French Bulldog Smelling Flowers

Plants That Are Poisonous To Dogs -
Common & Native To Australia

Australia is a bit of a bear trap sometimes. There are plenty of wild animals, creepy crawlies and poisonous plants. You can encounter these just walking your dog. However, this is particularly important if you hike or camp with your dog often.

So you’re here to know the answer to the question: what plants are toxic to dogs? We have you covered!

This list is a compilation of poisonous plants for dogs that you can find in Australia. As best as we can, we’ll let you know where you’ll find them, why they are poisonous and just how toxic they are.
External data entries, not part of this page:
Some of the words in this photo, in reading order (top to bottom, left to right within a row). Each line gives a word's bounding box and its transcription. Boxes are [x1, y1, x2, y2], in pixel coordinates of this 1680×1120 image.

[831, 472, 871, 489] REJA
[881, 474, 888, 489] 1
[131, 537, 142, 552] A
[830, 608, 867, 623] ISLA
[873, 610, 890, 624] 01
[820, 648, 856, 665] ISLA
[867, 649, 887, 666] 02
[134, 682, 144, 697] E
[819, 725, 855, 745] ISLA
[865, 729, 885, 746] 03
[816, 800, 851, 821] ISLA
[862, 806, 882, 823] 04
Red-haired chihuahua puppy sniffing flowers of wild rose

Native Australian Plants Toxic to Dogs

Native Australian plants are indigenous to Australia’s ecosystem. They were here before humans and are therefore fixed parts of the land. As it happens, relatively few of our native species are toxic to dogs. (1)

Here are three notable mentions:

Acacia (Wattles)

Australian Wattle Tree

Native to: Tasmania

Dangerous parts:

Reaction if your dog is poisoned: vomiting, anxiety, disorientation, shaking, drooling, seizures, and sudden death.

Acacia trees and shrubs are characterised by their gorgeous orangey yellow puffball flowers. They stand majestically on the Australian landscape, but all parts are poison. Yes, seriously. From the leaves to the flowers to the seeds. All parts of an Acacia tree or shrub is highly toxic to your dog. Luckily, dogs are relatively unlikely to consume acacia in any way. Just make sure they don’t consume any seeds on the ground.

Australian Ivy Palm (Brassaia actinophylla)

Australian Ivy Palm

Native to: Northern Territory

Dangerous parts: The leaves

Reaction if your dog is poisoned: Pain/swelling around the mouth, excessive drooling, vomiting, difficulty swallowing

You can recognise an Ivy Palm by its bright pink flowers and drooping leaves. It’s also known as the Australian Umbrella tree because of how the leaves hang. If your dog ingests the leaves or flowers, it can make them very sick.

Eucalyptus (Gum trees)

image

Native to: NSW, Victoria and Tasmania

Dangerous parts: All parts

Reaction if your dog is poisoned: drooling, vomiting, diarrhea, depression and weakness

Though we may love eucalyptus and tout it for its healing properties, it’s the complete opposite for dogs. Eucalyptus is very dangerous to dogs. If your pup eats the leaves at all, rush them to the vet as soon as you can.


30 Common Australian Plants Toxic to Dogs

Over the years, plenty of plants have been naturalised and imported from around the world. Here is a list of common plants in Australia plants toxic to dogs. But they are not necessarily native to Australia. They are just easy to find.

1. Angels Trumpet (Brugmansia)

Angels Trumpet

Dangerous parts: Flowers, leaves

Reaction if your dog is poisoned: Disorientation, increased heart rate, dilated pupils, loss of appetite, vomiting.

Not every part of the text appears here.